About this exercise => The output should match the data below line for line.

Supplied data below:

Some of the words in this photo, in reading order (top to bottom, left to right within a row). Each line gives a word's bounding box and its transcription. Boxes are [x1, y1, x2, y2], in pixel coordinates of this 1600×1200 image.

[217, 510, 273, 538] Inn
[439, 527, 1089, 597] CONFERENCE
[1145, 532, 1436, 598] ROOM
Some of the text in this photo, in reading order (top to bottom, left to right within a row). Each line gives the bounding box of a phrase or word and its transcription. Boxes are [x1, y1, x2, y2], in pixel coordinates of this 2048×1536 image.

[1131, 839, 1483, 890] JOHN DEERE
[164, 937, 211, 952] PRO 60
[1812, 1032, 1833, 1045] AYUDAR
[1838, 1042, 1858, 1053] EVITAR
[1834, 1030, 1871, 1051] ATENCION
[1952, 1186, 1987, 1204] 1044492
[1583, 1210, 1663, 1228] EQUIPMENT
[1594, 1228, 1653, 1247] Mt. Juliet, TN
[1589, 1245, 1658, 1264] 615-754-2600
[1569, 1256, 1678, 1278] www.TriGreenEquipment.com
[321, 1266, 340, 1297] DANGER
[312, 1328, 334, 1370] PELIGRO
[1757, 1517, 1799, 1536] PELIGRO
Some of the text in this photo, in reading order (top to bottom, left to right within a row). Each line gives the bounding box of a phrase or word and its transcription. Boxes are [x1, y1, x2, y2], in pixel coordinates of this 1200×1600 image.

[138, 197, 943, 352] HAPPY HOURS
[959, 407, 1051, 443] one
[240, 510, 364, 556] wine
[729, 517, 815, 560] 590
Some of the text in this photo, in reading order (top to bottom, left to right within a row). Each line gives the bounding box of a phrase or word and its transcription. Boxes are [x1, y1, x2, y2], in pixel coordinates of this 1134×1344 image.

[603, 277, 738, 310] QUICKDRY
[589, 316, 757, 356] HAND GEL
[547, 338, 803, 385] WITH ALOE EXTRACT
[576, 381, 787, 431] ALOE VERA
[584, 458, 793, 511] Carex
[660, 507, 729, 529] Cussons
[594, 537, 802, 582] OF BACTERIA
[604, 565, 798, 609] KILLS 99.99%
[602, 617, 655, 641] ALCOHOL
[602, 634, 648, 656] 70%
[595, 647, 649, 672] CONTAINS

End of Supplied data.

Exercise answer =>
Some of the words in this photo, in reading order (top to bottom, left to right within a row). Each line gives a word's bounding box and its transcription. Boxes are [x1, y1, x2, y2], in pixel coordinates of this 1600×1200 image.

[217, 510, 273, 538] Inn
[439, 527, 1089, 597] CONFERENCE
[1145, 532, 1436, 598] ROOM
Some of the text in this photo, in reading order (top to bottom, left to right within a row). Each line gives the bounding box of a phrase or word and its transcription. Boxes are [x1, y1, x2, y2], in pixel coordinates of this 2048×1536 image.

[1131, 839, 1483, 890] JOHN DEERE
[164, 937, 211, 952] PRO 60
[1812, 1032, 1833, 1045] AYUDAR
[1838, 1042, 1858, 1053] EVITAR
[1834, 1030, 1871, 1051] ATENCION
[1952, 1186, 1987, 1204] 1044492
[1583, 1210, 1663, 1228] EQUIPMENT
[1594, 1228, 1653, 1247] Mt. Juliet, TN
[1589, 1245, 1658, 1264] 615-754-2600
[1569, 1256, 1678, 1278] www.TriGreenEquipment.com
[321, 1266, 340, 1297] DANGER
[312, 1328, 334, 1370] PELIGRO
[1757, 1517, 1799, 1536] PELIGRO
Some of the text in this photo, in reading order (top to bottom, left to right within a row). Each line gives the bounding box of a phrase or word and its transcription. Boxes are [x1, y1, x2, y2], in pixel coordinates of this 1200×1600 image.

[138, 197, 943, 352] HAPPY HOURS
[959, 407, 1051, 443] one
[240, 510, 364, 556] wine
[729, 517, 815, 560] 590
Some of the text in this photo, in reading order (top to bottom, left to right within a row). Each line gives the bounding box of a phrase or word and its transcription. Boxes are [x1, y1, x2, y2], in pixel coordinates of this 1134×1344 image.

[603, 277, 738, 310] QUICKDRY
[589, 316, 757, 356] HAND GEL
[547, 338, 803, 385] WITH ALOE EXTRACT
[576, 381, 787, 431] ALOE VERA
[584, 458, 793, 511] Carex
[660, 507, 729, 529] Cussons
[594, 537, 802, 582] OF BACTERIA
[604, 565, 798, 609] KILLS 99.99%
[602, 617, 655, 641] ALCOHOL
[602, 634, 648, 656] 70%
[595, 647, 649, 672] CONTAINS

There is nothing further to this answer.